> _What to produce_
Only the lines from the one with "this 1280×960 image." through the last belong in the output; print them exactly as given below.

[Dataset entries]
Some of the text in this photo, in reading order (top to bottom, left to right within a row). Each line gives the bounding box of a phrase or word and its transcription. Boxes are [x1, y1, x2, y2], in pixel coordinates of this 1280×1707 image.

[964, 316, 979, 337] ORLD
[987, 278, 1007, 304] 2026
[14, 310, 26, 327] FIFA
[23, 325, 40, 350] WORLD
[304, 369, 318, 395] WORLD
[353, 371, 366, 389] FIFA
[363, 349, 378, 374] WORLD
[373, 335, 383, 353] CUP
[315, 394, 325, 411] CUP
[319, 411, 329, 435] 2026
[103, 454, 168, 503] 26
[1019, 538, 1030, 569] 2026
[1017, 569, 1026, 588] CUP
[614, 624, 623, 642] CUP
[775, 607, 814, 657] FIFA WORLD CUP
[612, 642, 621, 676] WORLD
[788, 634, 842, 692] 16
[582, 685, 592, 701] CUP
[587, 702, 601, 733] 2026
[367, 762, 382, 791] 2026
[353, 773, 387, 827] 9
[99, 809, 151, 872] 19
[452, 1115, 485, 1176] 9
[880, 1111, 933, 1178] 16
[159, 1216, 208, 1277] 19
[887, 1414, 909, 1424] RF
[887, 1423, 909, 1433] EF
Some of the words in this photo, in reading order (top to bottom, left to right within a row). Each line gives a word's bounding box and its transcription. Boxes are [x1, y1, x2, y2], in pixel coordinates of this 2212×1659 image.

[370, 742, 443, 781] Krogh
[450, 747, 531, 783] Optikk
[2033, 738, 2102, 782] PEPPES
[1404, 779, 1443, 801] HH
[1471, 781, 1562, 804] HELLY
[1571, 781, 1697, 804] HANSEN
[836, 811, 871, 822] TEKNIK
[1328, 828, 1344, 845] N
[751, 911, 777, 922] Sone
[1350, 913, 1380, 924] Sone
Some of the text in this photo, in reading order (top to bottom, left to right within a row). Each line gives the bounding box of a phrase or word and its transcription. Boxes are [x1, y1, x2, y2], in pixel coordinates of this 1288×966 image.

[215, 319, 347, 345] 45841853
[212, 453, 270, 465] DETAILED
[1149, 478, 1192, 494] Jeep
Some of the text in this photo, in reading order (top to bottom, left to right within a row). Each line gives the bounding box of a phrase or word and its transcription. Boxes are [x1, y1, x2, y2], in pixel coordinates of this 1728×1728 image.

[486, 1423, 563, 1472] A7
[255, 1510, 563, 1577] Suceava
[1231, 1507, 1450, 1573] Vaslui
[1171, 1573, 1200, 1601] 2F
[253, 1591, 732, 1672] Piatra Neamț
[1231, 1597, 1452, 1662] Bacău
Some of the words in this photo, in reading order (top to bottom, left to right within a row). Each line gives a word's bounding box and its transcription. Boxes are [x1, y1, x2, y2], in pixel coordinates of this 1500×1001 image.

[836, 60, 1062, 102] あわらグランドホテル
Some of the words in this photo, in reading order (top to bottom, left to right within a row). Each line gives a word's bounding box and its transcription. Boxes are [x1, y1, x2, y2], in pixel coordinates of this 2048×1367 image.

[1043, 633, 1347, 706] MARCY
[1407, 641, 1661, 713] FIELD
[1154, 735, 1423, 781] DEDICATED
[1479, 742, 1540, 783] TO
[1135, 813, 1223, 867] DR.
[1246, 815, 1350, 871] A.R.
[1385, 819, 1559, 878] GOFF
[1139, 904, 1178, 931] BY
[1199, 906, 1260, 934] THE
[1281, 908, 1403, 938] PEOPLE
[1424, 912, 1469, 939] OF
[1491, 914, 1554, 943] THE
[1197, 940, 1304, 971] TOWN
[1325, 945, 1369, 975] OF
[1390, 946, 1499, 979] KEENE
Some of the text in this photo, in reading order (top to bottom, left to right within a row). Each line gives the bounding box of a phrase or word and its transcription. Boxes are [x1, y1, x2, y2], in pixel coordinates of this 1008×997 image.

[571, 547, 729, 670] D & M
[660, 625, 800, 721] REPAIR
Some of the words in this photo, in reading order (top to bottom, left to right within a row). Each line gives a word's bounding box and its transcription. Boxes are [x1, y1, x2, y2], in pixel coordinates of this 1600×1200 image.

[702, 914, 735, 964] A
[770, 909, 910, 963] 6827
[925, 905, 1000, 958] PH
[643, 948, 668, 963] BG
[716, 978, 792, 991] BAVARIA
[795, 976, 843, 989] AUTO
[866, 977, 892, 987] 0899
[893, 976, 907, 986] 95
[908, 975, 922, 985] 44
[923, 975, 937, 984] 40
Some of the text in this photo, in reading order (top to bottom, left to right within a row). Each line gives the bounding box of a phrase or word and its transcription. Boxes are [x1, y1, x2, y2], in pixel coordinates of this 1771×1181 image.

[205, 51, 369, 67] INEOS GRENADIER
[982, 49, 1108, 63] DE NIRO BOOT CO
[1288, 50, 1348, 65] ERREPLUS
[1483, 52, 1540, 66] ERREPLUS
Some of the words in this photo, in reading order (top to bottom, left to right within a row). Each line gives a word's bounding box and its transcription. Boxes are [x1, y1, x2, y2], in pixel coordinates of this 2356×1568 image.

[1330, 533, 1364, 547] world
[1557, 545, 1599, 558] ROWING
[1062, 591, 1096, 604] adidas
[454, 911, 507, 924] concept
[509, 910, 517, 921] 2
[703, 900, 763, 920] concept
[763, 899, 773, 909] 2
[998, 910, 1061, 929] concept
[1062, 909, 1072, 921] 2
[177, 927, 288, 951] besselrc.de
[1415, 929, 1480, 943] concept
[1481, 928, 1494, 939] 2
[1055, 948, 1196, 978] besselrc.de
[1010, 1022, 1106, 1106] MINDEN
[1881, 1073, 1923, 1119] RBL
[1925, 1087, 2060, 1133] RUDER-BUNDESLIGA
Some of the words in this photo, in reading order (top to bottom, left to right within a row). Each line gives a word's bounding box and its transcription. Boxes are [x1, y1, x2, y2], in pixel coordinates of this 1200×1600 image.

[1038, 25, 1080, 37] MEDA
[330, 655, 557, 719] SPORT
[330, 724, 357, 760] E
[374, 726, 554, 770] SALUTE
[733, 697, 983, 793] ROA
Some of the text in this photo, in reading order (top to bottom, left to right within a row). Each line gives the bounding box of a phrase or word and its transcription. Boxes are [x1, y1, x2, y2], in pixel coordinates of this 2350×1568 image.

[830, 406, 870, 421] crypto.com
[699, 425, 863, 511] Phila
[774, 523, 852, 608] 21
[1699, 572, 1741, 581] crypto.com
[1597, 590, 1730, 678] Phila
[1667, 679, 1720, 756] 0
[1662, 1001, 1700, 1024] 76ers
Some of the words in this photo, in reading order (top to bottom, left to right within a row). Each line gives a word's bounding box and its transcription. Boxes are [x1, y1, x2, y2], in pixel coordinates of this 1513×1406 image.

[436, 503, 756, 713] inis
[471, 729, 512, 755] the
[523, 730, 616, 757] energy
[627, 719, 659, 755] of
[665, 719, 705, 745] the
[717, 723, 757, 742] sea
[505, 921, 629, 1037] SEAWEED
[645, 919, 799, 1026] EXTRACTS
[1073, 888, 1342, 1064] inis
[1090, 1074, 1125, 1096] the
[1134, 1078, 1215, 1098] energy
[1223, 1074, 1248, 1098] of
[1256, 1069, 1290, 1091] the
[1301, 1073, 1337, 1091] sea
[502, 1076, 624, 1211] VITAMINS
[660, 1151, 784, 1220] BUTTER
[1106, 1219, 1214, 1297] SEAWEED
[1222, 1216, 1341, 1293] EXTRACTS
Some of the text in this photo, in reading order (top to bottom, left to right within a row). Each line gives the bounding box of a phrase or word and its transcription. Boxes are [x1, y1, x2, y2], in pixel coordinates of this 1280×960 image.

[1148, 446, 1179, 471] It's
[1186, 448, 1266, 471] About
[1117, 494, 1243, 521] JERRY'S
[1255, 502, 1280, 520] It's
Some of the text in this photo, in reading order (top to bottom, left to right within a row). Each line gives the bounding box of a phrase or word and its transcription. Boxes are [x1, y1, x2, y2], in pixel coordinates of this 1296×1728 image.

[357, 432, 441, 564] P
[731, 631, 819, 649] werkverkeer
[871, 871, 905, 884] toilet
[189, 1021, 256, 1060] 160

> _Finished exercise_
Some of the text in this photo, in reading order (top to bottom, left to right within a row). Each line gives the bounding box of a phrase or word and its transcription. Boxes are [x1, y1, x2, y2], in pixel coordinates of this 1280×960 image.

[1148, 446, 1179, 471] It's
[1186, 448, 1266, 471] About
[1117, 494, 1243, 521] JERRY'S
[1255, 502, 1280, 520] It's
Some of the text in this photo, in reading order (top to bottom, left to right within a row). Each line gives the bounding box of a phrase or word and its transcription. Boxes are [x1, y1, x2, y2], in pixel coordinates of this 1296×1728 image.

[357, 432, 441, 564] P
[731, 631, 819, 649] werkverkeer
[871, 871, 905, 884] toilet
[189, 1021, 256, 1060] 160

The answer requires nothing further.